PELATIHAN PUPUK ORGANIK DI TAMAN KEHATI, GUNUNGKIDUL, YOGYAKARTA

IMG_20170223_151956

Bertempat di pendopo taman KEHATI Bajo, Desa Purwodadi, Kecamatan Tepus, Kabupaten Gunungkidul diselenggarakan pelatihan pembuatan pupuk organik. Sistem pemupukan di wilayah Desa Purwodadi sekarang ini masih banyak menggunakan pupuk kimia. Pupuk kimia memiliki dampak negatif yaitu: ketersediaan pupuk tergantung pihak lain, misal pabrik dan distributor, harga relatif tinggi, dapat menyebabkan ketidak seimbangan unsur hara dalam tanah karena pemupukan yang tidak berimbang serta dalam pemakaian jangka panjang dapat menurunkan PH tanah. Sehingga diperlukan metode pemupukan yang lebih baik dan berkelanjutan.

Yayasan Kanopi Indonesia, yang di dukung oleh Yayasan KEHATI dan PT. Martina Berto Tbk. menyelenggarakan pelatihan pembuatan pupuk organik. Peserta pelatihan adalah Kelompok Tani Wanita Sari Indah yang merupakan pengelola Taman KEHATI Bajo, Desa Purwodadi, Kecamatan Tepus, Kabupaten Gunungkidul, D.I. Yogyakarta. Materi yang diajarkan antara lain : pembuatan Pupuk MOL (mikro organisme lokal), pembuatan pupuk padat dari kotoran hewan, dan pembuatan pupuk cair dari kotoran hewan.

Pupuk MOL merupakan pupuk cair yang mengandung mikro organisme hasil produksi sendiri dari bahan bahan alami lokal. Bahan yang yang dapat digunakan sebagai MOL antaralain buah-buahan dan sayuran. Larutan MOL mengandung unsur hara mikro dan makro yang bermanfaat bagi tanaman. Bakteri yang terkandung dalam MOL sebagai perombak bahan organik, perangsang pertumbuhan dan sebagai agen pengendali hama dan penyakit tanaman. Taman KEHATI memiliki koleksi tanaman buah yang beberapan tanaman telah berbuah. Salah satu cara memanfaatkan buah adalah dibuat menjadi pupuk MOL. Buah yang dipakai adalah buah yang busuk dan tidak dipakai seperti kulit buah.

IMG_20170223_152055

Pupuk organik cair adalah pupuk cair yang diolah dari bahan dasar urine, feses, starter, tetes tebu dan air. Pupuk organik ini dapat diolah secara sederhana dari urine dan feses ternak sapi, kambing maupun kelinci. Teknologi pengolahan pupuk cair berbahan dasar urine ini sangat mudah, murah dan memberi banyak manfaat bagi petani dan peternak. Manfaat penggunaan pupuk cair antara lain adalah menghemat biaya pemupukan, menyuburkan tanah, meningkatkan produktivitas tanaman dan pendapatan petani. Berbagai penelitian menunjukkan bahwa produksi tanaman dapat ditingkatkan dengan penggunaan pupuk cair dari urine sapi. Pupuk organik padat diolah dari kotoran dan kompos. Untuk kegunaan sama seperti pupuk cair.
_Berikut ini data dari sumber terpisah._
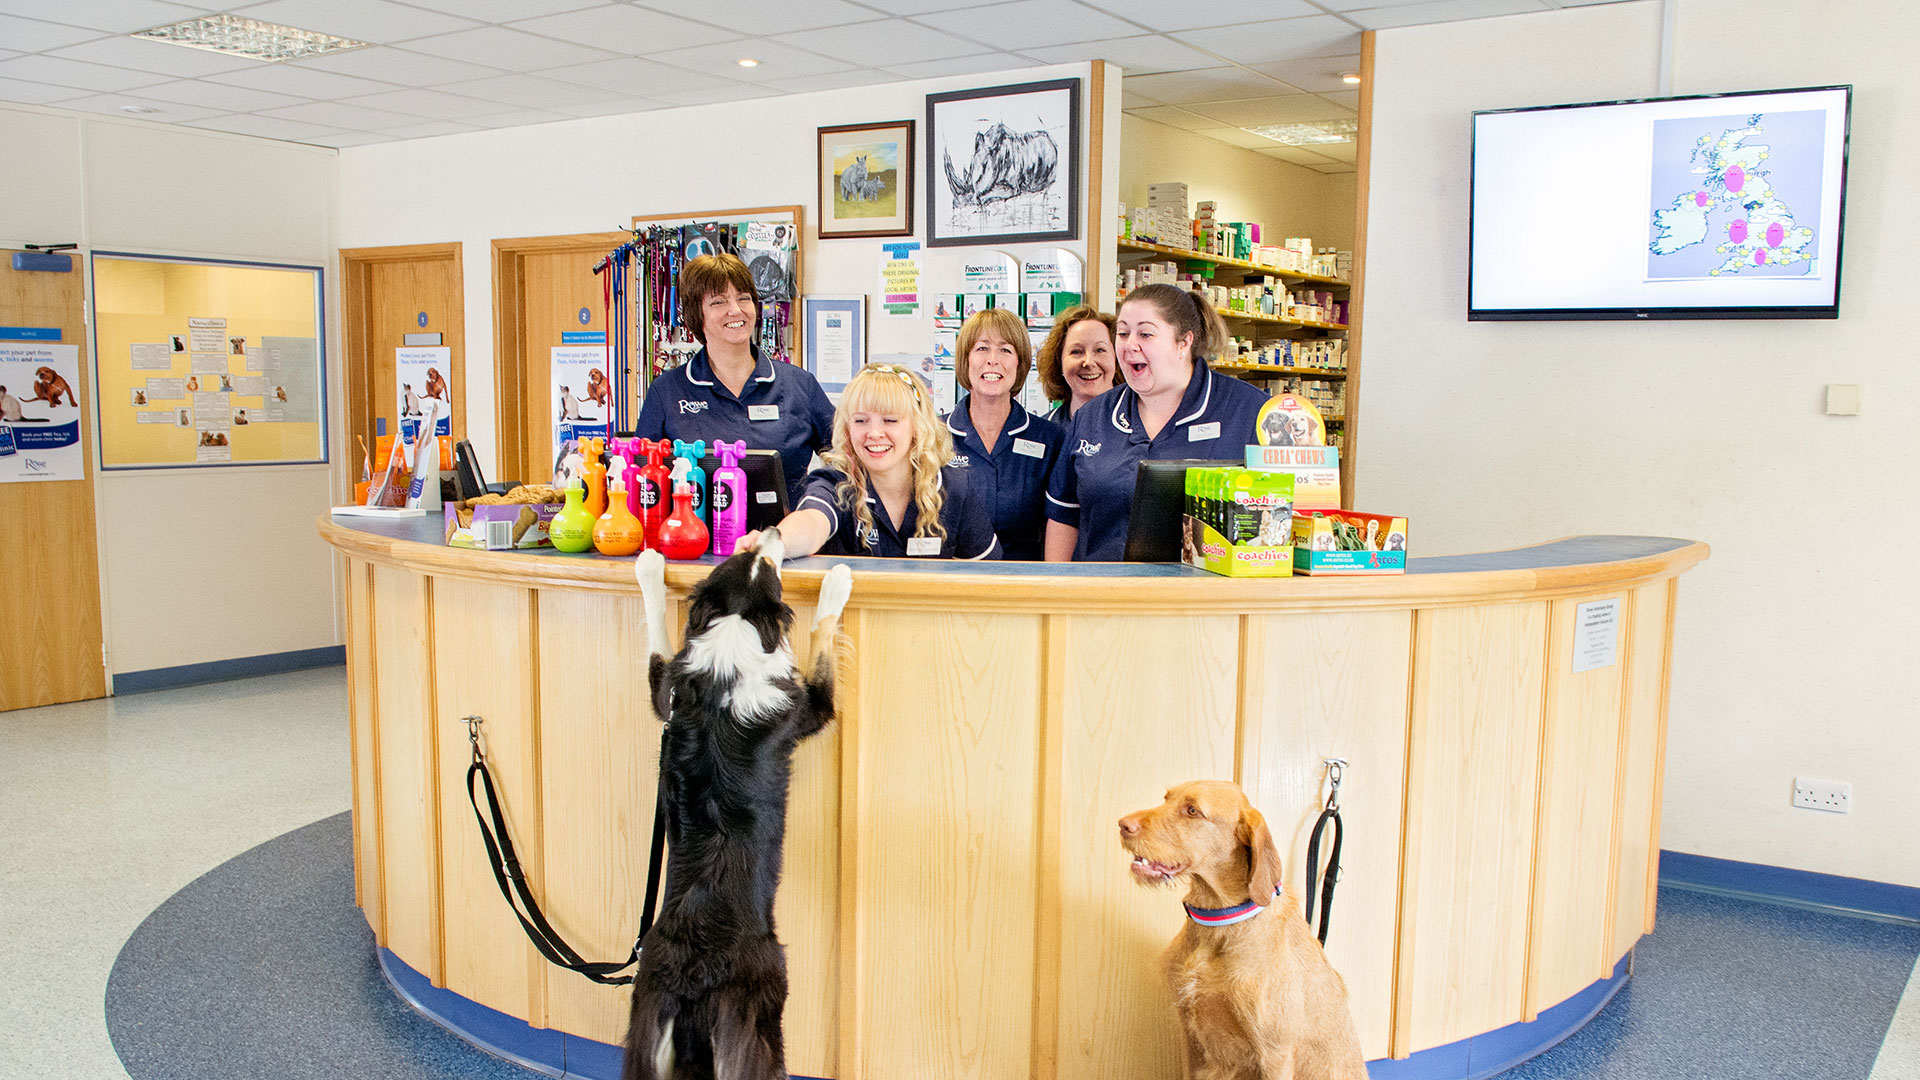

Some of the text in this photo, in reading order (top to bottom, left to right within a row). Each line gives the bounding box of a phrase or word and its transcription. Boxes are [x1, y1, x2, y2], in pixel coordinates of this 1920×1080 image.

[964, 264, 994, 273] FRONTLINE
[1025, 262, 1056, 271] FRONTLINE
[582, 312, 588, 320] 2
[678, 399, 709, 414] Rowe
[1076, 439, 1102, 457] Rowe
[1263, 449, 1326, 465] CEREA CHEWS
[25, 458, 47, 472] Rowe
[1235, 496, 1286, 505] coachies
[1237, 550, 1289, 561] coachies
[1368, 552, 1398, 569] Antos
Kesadaran dan keinginan masyarakat untuk memajukan pertanian ditunjukkan dengan sangat antusiasnya peserta pelatihan selama pembekalan hingga praktek pembuatan pupuk organik tersebut. Selama ini kotoran hewan oleh warga di jadikan pupuk kandang tanpa proses pengolahan terlebih dahulu. Pada pelatihan ini peserta mempraktekan membuat pupuk MOL dari buah yang ada dan membuat pupuk cair dari kotoran hewan.

Sebagai narasumber dari pelatihan ini adalah Arif Nurmawan yang telah mendampingi dan memberi pelatihan di beberapa tempat. Dengan adanya pelatihan ini diharapkan pengunaan pupuk organik dapat meningkat. Pengunaan pupuk organik di masayakat bisa menekan biaya produksi, meningkatkan hasil panen serta ramah lingkungan.